WORK INSTRUCTION: Would you restate each entry word for word, omitting the pictures?

Segment Open

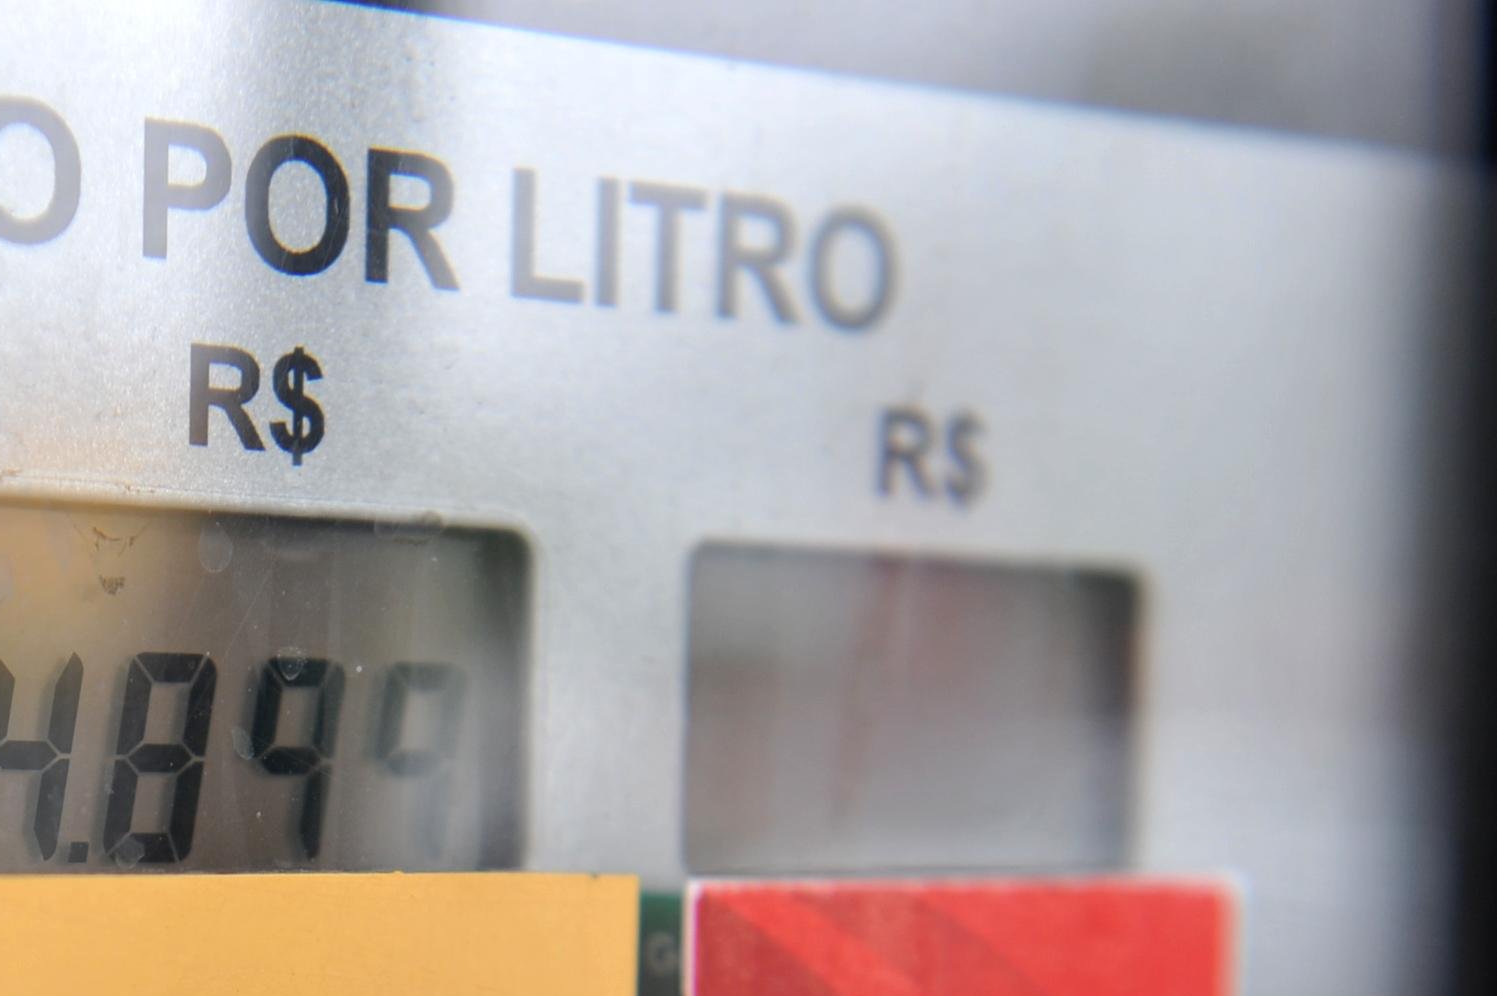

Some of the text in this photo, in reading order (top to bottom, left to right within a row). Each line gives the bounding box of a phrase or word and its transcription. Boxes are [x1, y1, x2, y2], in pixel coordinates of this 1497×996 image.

[142, 117, 459, 291] POR
[510, 167, 900, 331] LITRO
[188, 343, 325, 466] R$
[874, 405, 988, 507] R$

Segment Closed

EXERCISE ANSWER:
Some of the text in this photo, in reading order (top to bottom, left to right within a row). Each line gives the bounding box of a phrase or word and its transcription. Boxes are [x1, y1, x2, y2], in pixel coordinates of this 1497×996 image.

[142, 117, 459, 291] POR
[510, 167, 900, 331] LITRO
[188, 343, 325, 466] R$
[874, 405, 988, 507] R$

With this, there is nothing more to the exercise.